» PROBLEM TO WORK ON: Exactly as given, transcribe each entry that follows.
--- START ---
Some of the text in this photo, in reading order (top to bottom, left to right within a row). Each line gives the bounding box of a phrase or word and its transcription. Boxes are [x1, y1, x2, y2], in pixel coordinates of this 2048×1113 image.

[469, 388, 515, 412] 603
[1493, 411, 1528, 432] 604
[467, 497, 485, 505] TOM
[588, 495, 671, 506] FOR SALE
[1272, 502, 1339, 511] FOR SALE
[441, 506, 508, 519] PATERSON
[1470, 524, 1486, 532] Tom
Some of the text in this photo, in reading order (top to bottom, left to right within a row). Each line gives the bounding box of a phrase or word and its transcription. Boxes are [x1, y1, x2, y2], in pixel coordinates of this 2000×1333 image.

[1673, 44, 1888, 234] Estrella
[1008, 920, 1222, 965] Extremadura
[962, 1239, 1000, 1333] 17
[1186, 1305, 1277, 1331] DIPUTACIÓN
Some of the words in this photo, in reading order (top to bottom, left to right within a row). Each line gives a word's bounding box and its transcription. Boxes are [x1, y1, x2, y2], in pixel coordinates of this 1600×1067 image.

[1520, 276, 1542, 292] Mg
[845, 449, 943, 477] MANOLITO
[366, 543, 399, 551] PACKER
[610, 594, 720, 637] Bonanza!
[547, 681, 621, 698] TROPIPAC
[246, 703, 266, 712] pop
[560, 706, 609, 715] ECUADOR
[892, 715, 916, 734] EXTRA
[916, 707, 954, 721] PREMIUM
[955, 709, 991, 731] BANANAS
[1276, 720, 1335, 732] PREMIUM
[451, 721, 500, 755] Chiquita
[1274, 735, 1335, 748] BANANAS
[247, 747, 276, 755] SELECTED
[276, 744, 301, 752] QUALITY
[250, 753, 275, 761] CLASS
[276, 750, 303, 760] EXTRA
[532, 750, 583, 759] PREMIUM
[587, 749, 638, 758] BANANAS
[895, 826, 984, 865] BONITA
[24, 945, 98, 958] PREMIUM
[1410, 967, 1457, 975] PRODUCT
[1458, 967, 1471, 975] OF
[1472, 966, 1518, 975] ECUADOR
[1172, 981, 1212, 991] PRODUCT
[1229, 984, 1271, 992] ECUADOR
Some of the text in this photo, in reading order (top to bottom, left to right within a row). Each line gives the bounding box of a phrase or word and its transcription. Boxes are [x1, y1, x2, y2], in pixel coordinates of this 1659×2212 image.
--- END ---
» WRITTEN REPLY:
Some of the text in this photo, in reading order (top to bottom, left to right within a row). Each line gives the bounding box of a phrase or word and its transcription. Boxes are [x1, y1, x2, y2], in pixel coordinates of this 2048×1113 image.

[469, 388, 515, 412] 603
[1493, 411, 1528, 432] 604
[467, 497, 485, 505] TOM
[588, 495, 671, 506] FOR SALE
[1272, 502, 1339, 511] FOR SALE
[441, 506, 508, 519] PATERSON
[1470, 524, 1486, 532] Tom
Some of the text in this photo, in reading order (top to bottom, left to right within a row). Each line gives the bounding box of a phrase or word and its transcription. Boxes are [x1, y1, x2, y2], in pixel coordinates of this 2000×1333 image.

[1673, 44, 1888, 234] Estrella
[1008, 920, 1222, 965] Extremadura
[962, 1239, 1000, 1333] 17
[1186, 1305, 1277, 1331] DIPUTACIÓN
Some of the words in this photo, in reading order (top to bottom, left to right within a row). Each line gives a word's bounding box and its transcription. Boxes are [x1, y1, x2, y2], in pixel coordinates of this 1600×1067 image.

[1520, 276, 1542, 292] Mg
[845, 449, 943, 477] MANOLITO
[366, 543, 399, 551] PACKER
[610, 594, 720, 637] Bonanza!
[547, 681, 621, 698] TROPIPAC
[246, 703, 266, 712] pop
[560, 706, 609, 715] ECUADOR
[892, 715, 916, 734] EXTRA
[916, 707, 954, 721] PREMIUM
[955, 709, 991, 731] BANANAS
[1276, 720, 1335, 732] PREMIUM
[451, 721, 500, 755] Chiquita
[1274, 735, 1335, 748] BANANAS
[247, 747, 276, 755] SELECTED
[276, 744, 301, 752] QUALITY
[250, 753, 275, 761] CLASS
[276, 750, 303, 760] EXTRA
[532, 750, 583, 759] PREMIUM
[587, 749, 638, 758] BANANAS
[895, 826, 984, 865] BONITA
[24, 945, 98, 958] PREMIUM
[1410, 967, 1457, 975] PRODUCT
[1458, 967, 1471, 975] OF
[1472, 966, 1518, 975] ECUADOR
[1172, 981, 1212, 991] PRODUCT
[1229, 984, 1271, 992] ECUADOR
Some of the text in this photo, in reading order (top to bottom, left to right within a row). Each line gives the bounding box of a phrase or word and its transcription. Boxes are [x1, y1, x2, y2], in pixel coordinates of this 1659×2212 image.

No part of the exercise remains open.